- Task brief:
Return the data below in full and exactly, except that the pictures are dropped.

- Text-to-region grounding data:
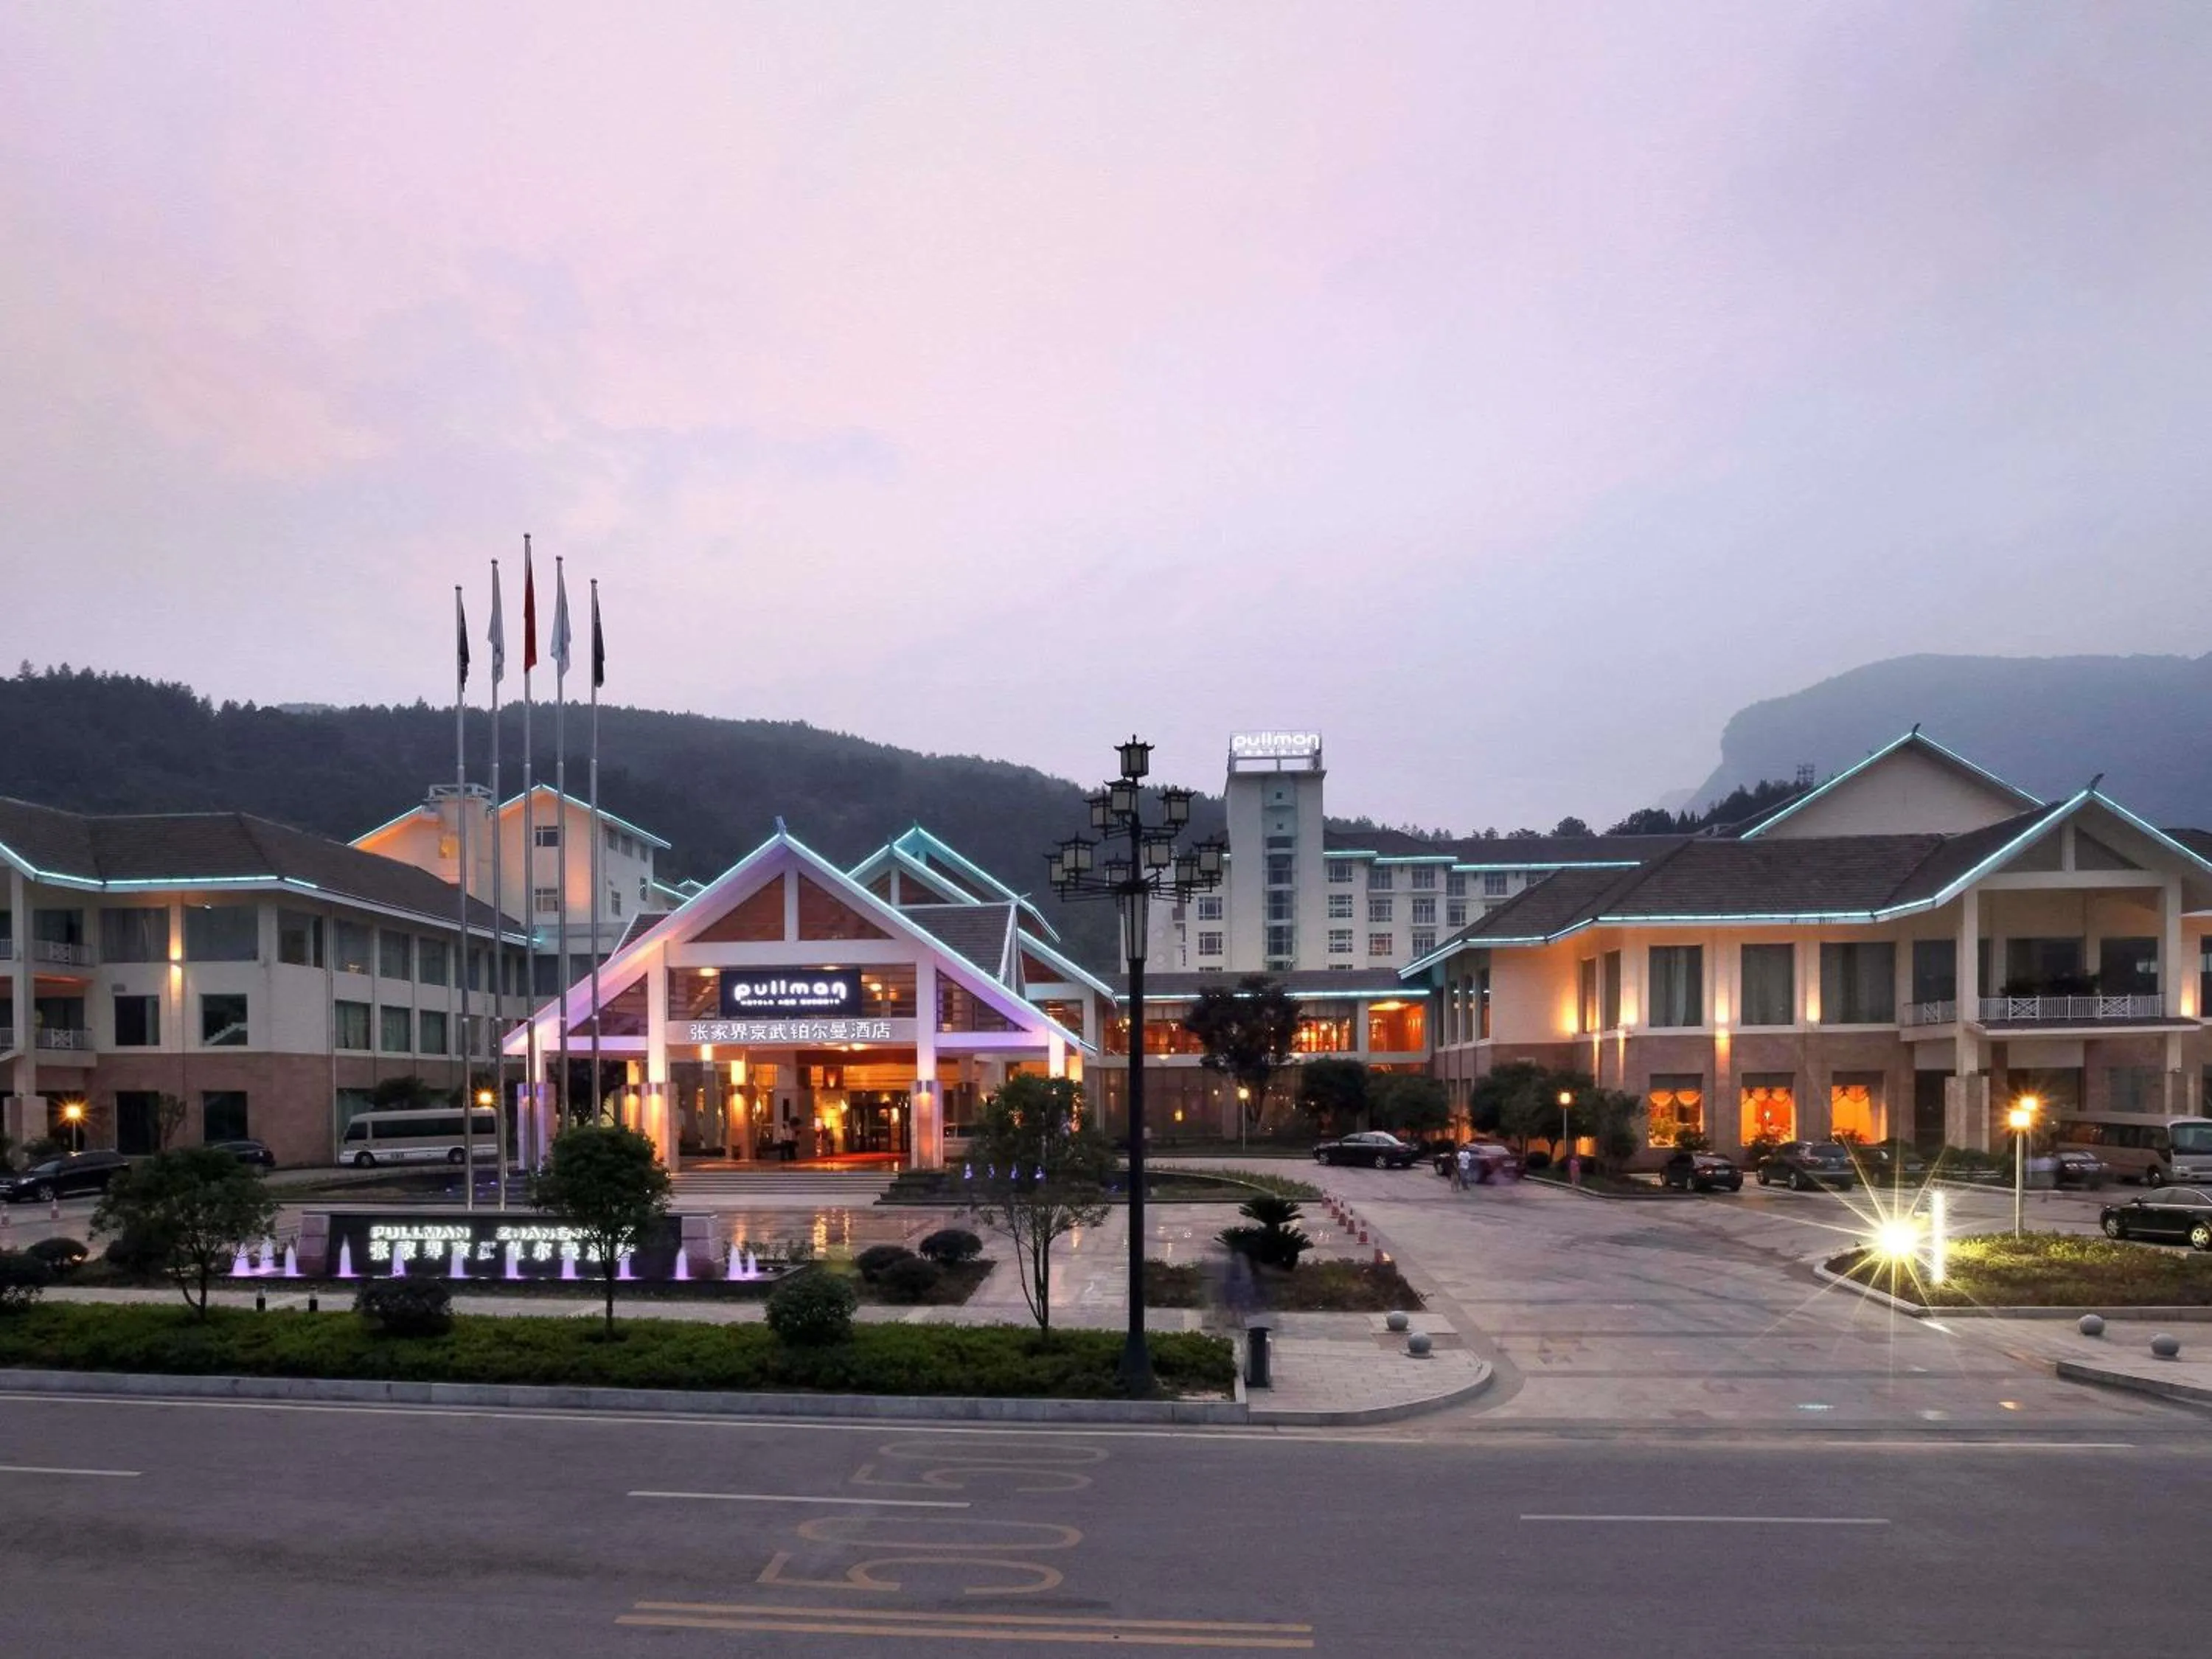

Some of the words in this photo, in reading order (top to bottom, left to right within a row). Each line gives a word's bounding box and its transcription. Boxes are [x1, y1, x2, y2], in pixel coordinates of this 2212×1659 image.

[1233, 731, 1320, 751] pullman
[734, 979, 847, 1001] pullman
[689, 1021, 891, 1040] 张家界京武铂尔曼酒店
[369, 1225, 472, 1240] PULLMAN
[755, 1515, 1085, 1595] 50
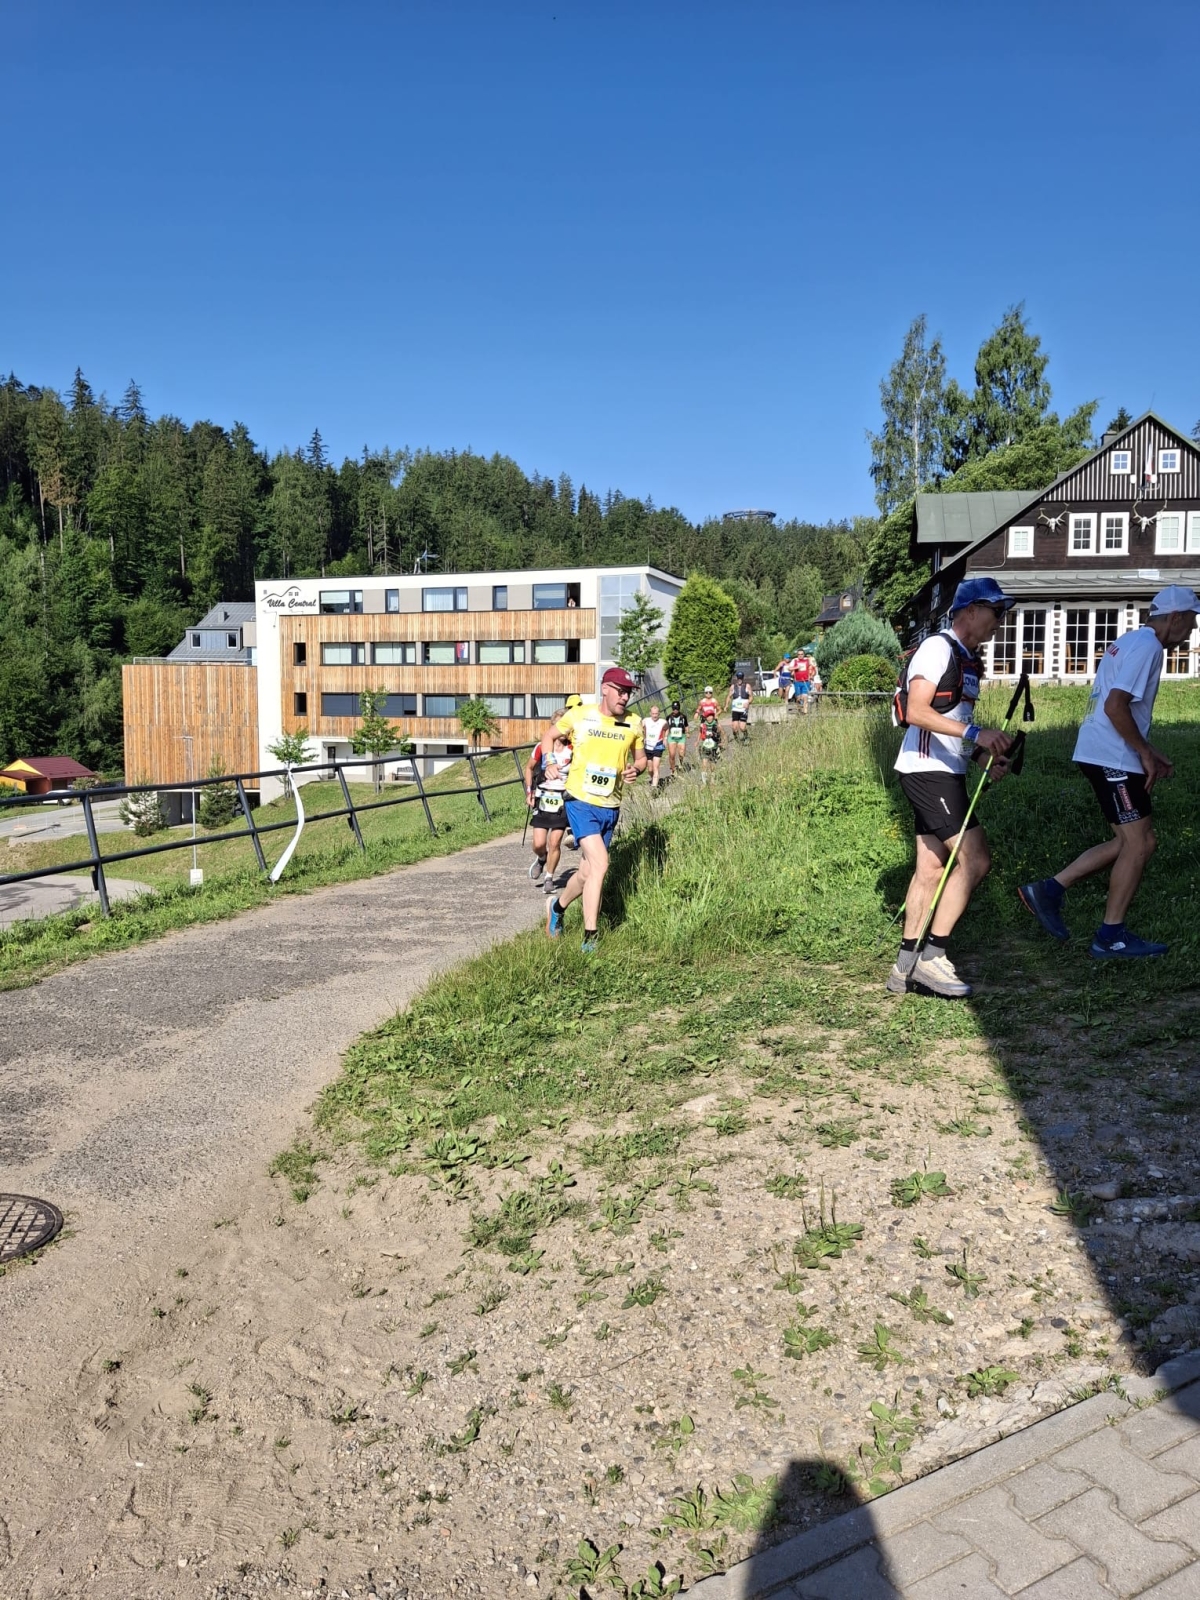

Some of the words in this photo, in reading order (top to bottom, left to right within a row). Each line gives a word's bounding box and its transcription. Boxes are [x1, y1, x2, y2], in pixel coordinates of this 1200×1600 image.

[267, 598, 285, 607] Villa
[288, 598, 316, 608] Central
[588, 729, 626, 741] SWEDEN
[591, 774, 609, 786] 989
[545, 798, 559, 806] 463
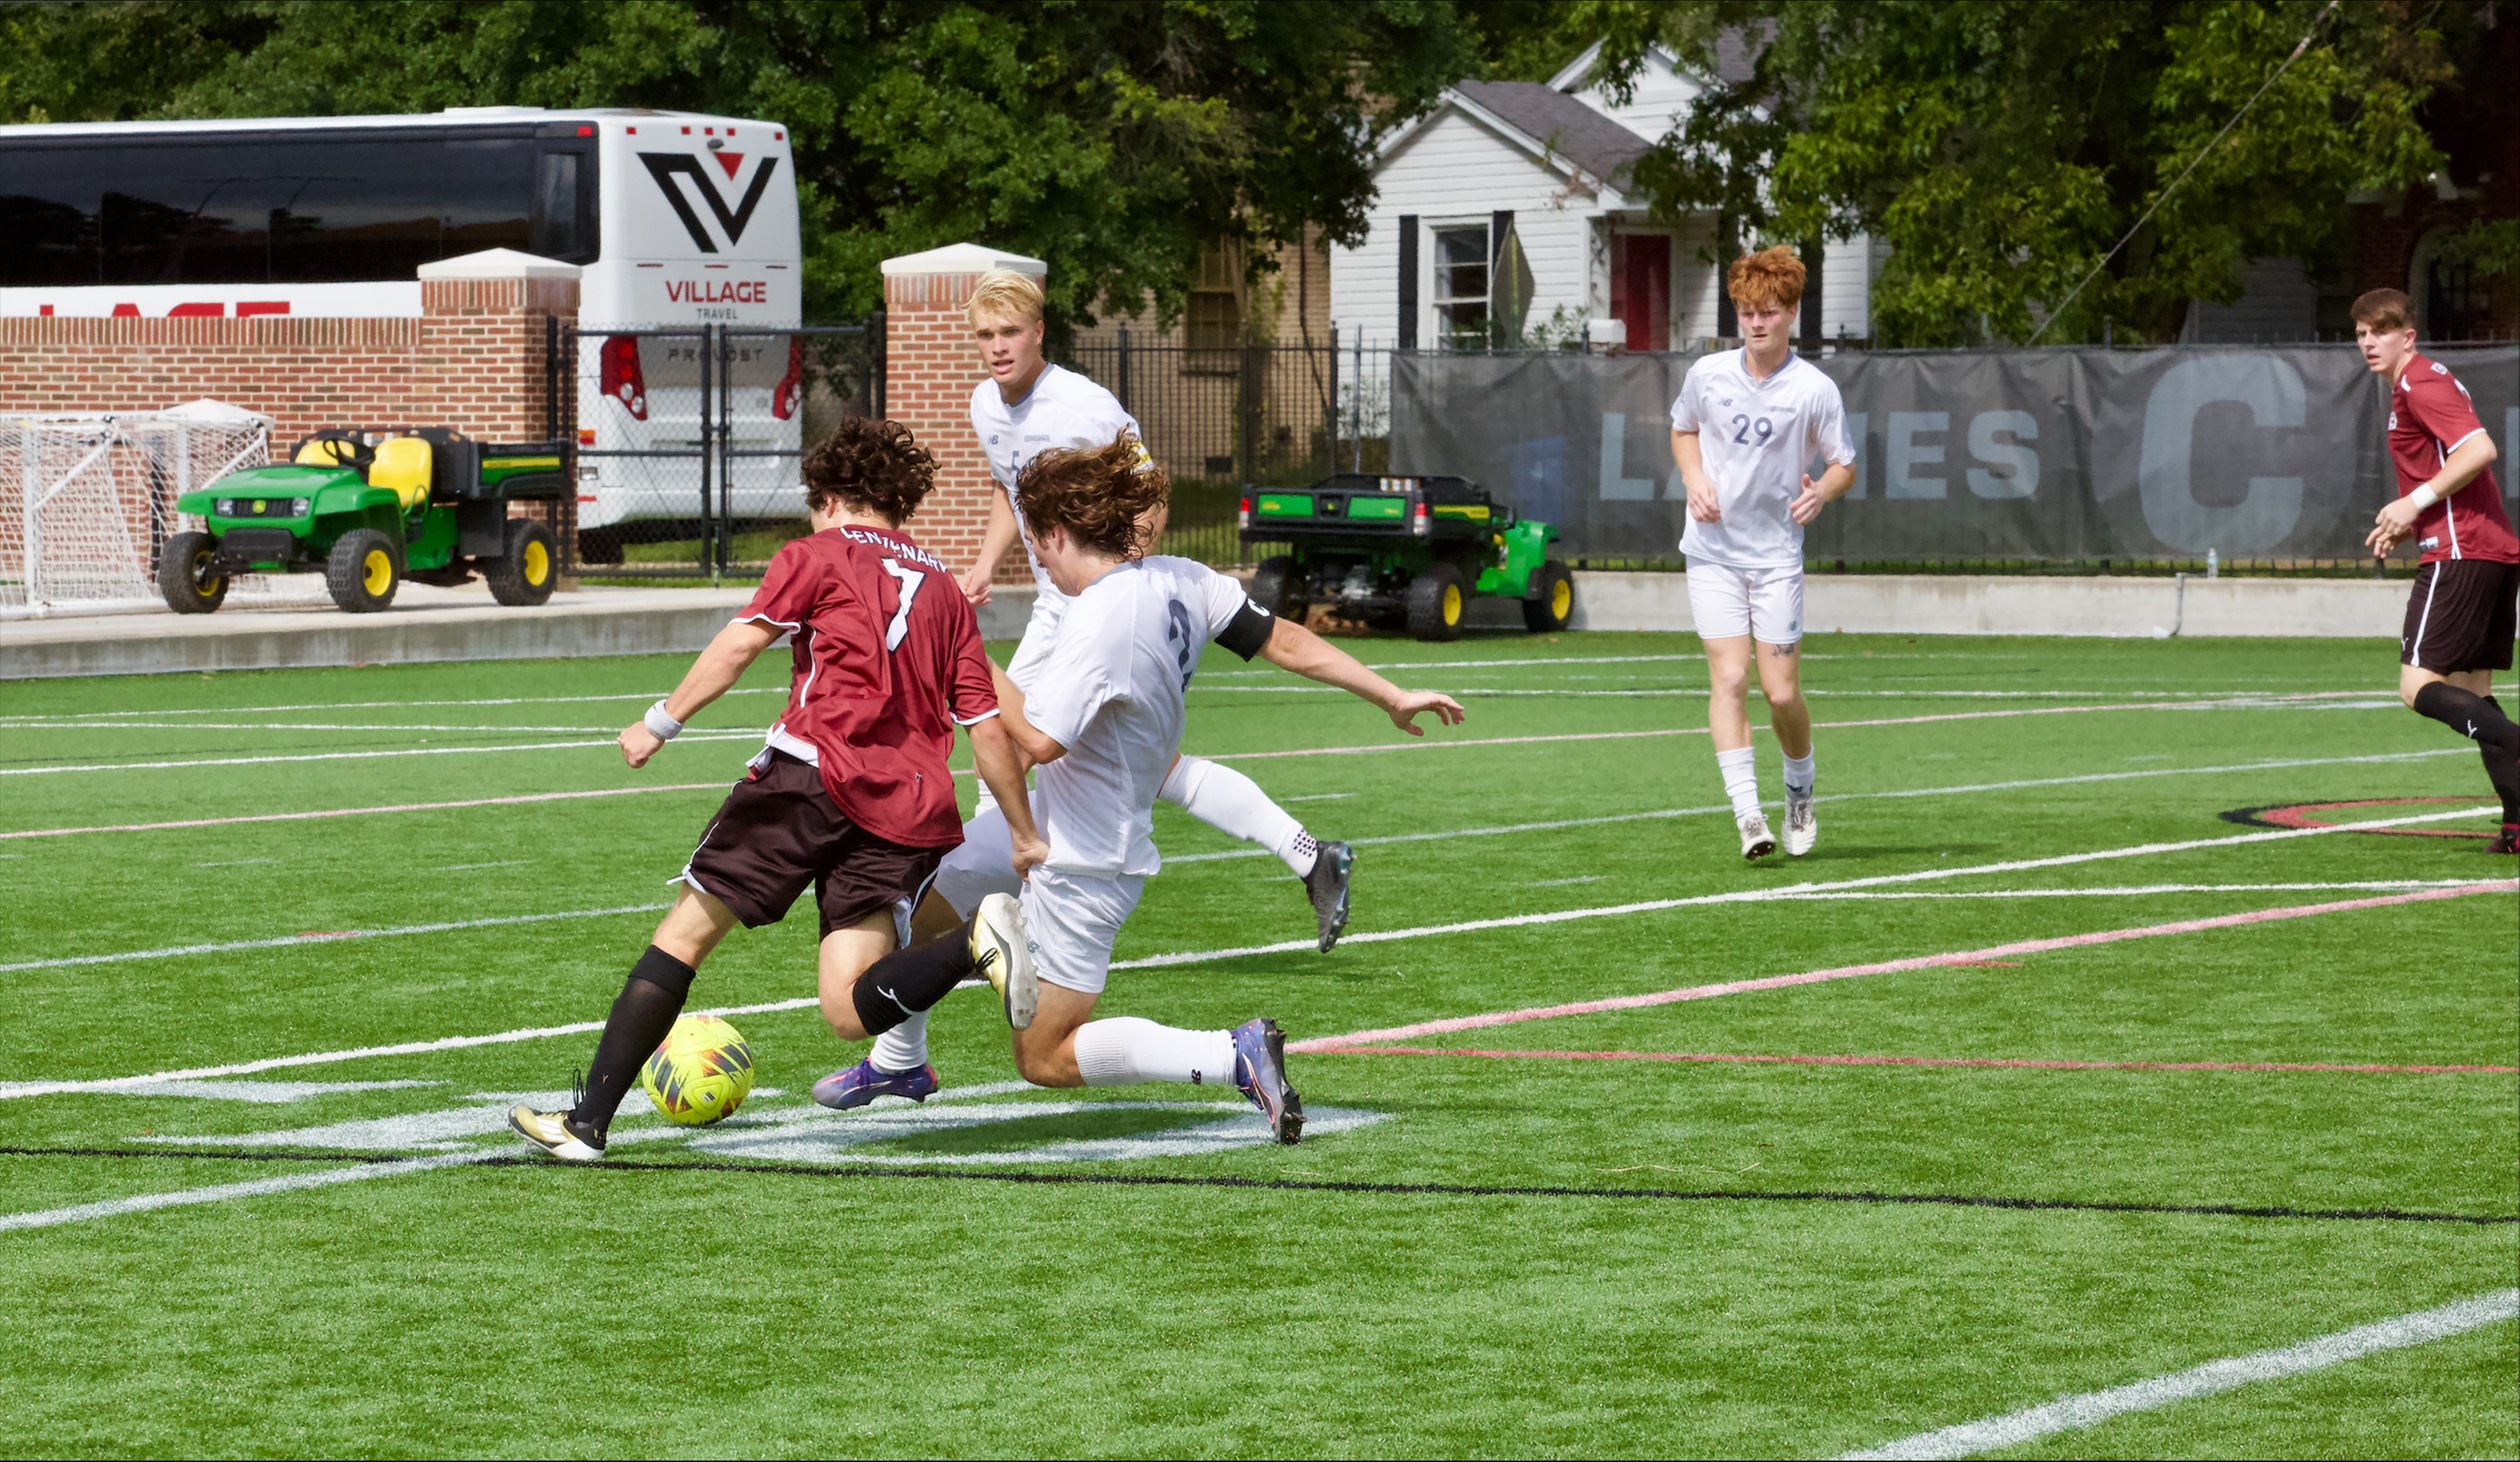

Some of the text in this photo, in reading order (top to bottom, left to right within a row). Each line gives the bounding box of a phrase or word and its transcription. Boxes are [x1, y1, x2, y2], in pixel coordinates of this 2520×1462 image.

- Exercise result:
Some of the words in this photo, in reading order (top to bottom, left to right within a row). Each line gives a word's bounding box and its transcription. Boxes are [x1, y1, x2, y2], in pixel coordinates of this 2212×1659 image.

[1233, 731, 1320, 751] pullman
[734, 979, 847, 1001] pullman
[689, 1021, 891, 1040] 张家界京武铂尔曼酒店
[369, 1225, 472, 1240] PULLMAN
[755, 1515, 1085, 1595] 50

Some of the words in this photo, in reading order (top to bottom, left to right within a row). Each line gives a word's bounding box and its transcription. Boxes are [x1, y1, x2, y2], in pixel coordinates of this 1200×1600 image.

[267, 598, 285, 607] Villa
[288, 598, 316, 608] Central
[588, 729, 626, 741] SWEDEN
[591, 774, 609, 786] 989
[545, 798, 559, 806] 463

Some of the text in this photo, in reading order (top to bottom, left to right within a row). Each line gives the bounding box of a phrase or word and its transcription. Boxes are [x1, y1, x2, y2], in pixel coordinates of this 2520×1462 image.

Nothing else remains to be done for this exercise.